The Luberon or Luberon Massif also called Lubéron, has a maximum altitude of 1,256 m and an area of about 600 km². It is composed of three mountain ranges: (from west to east) the Little Luberon, the Big Luberon and the Oriental Luberon, lying in the middle of Provence in the far south of France. The valleys north and south of them contain a number of towns and villages as well as agricultural land.
The total number of inhabitants varies greatly between winter and summer, due to a massive influx of tourists during the warm season.
It is a favourite destination for French high society and British and American visitors because of the pleasant and picturesque towns and villages, comfortable way of life, agricultural wealth, historical and cultural associations (e.g., Samuel Beckett lived in Cave Bonelly, a vineyard near to Roussillon during World War II), and hiking trails.
In the 1970s, people came from all over France to "Le Luberon" in search of a communitarian ideal.
The Force de frappe or French strategic nuclear arsenal used to be nearby, underground, on "Le Plateau d'Albion" before being dismantled in the late 1980s. Now, the underground site, where the control of the missiles was, is a public multidisciplinary laboratory of the University of Nice Sophia Antipolis, the Low Noise Underground Laboratory (LSBB) of Rustrel, Pays d'Apt.

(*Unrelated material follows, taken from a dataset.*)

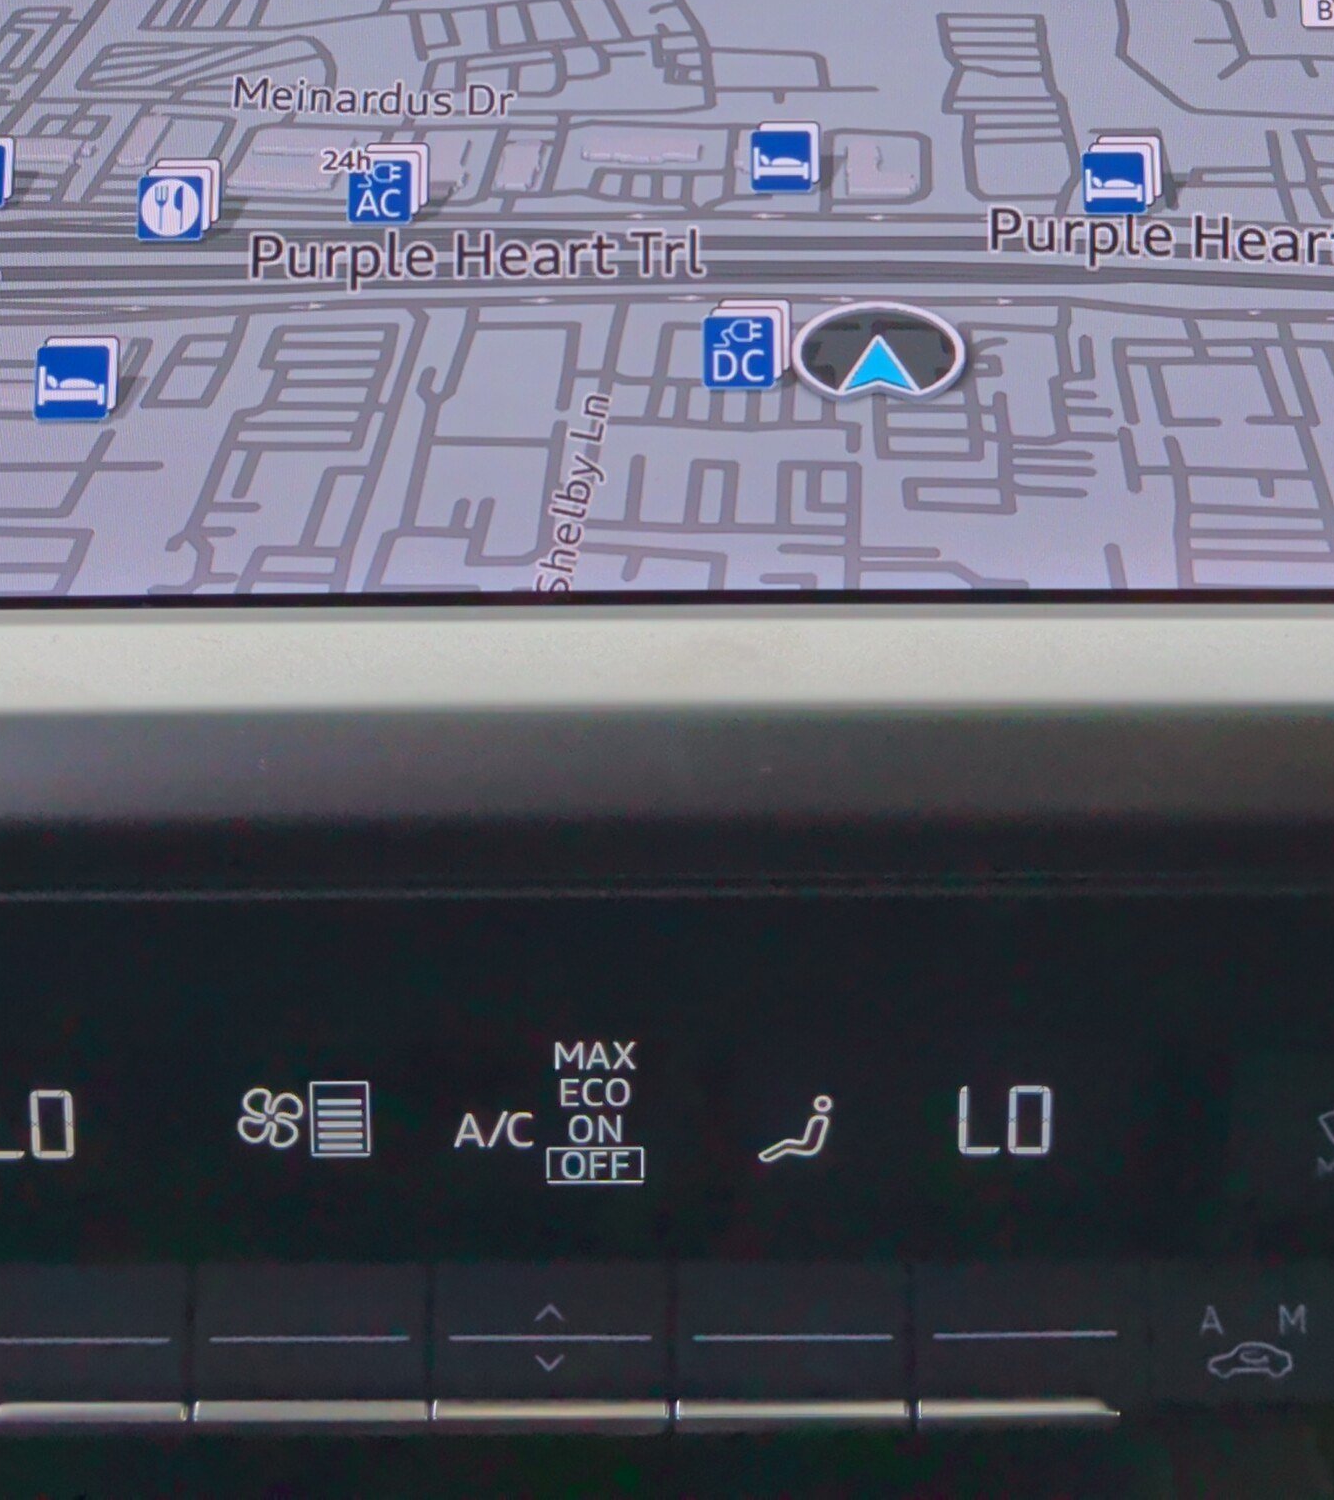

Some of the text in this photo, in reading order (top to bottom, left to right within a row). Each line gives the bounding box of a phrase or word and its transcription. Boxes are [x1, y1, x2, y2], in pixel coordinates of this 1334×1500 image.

In the last two decades the Luberon has become known in the English-speaking world especially through a series of books by British author Peter Mayle chronicling his life as an expatriate settled in the Luberon village of Ménerbes. These are titled A Year in Provence, Toujours Provence, and Encore Provence. Another of Mayle's books, a novel set in the Luberon, was made into a film called A Good Year (2006) directed by Ridley Scott, starring Russell Crowe and filmed in the region.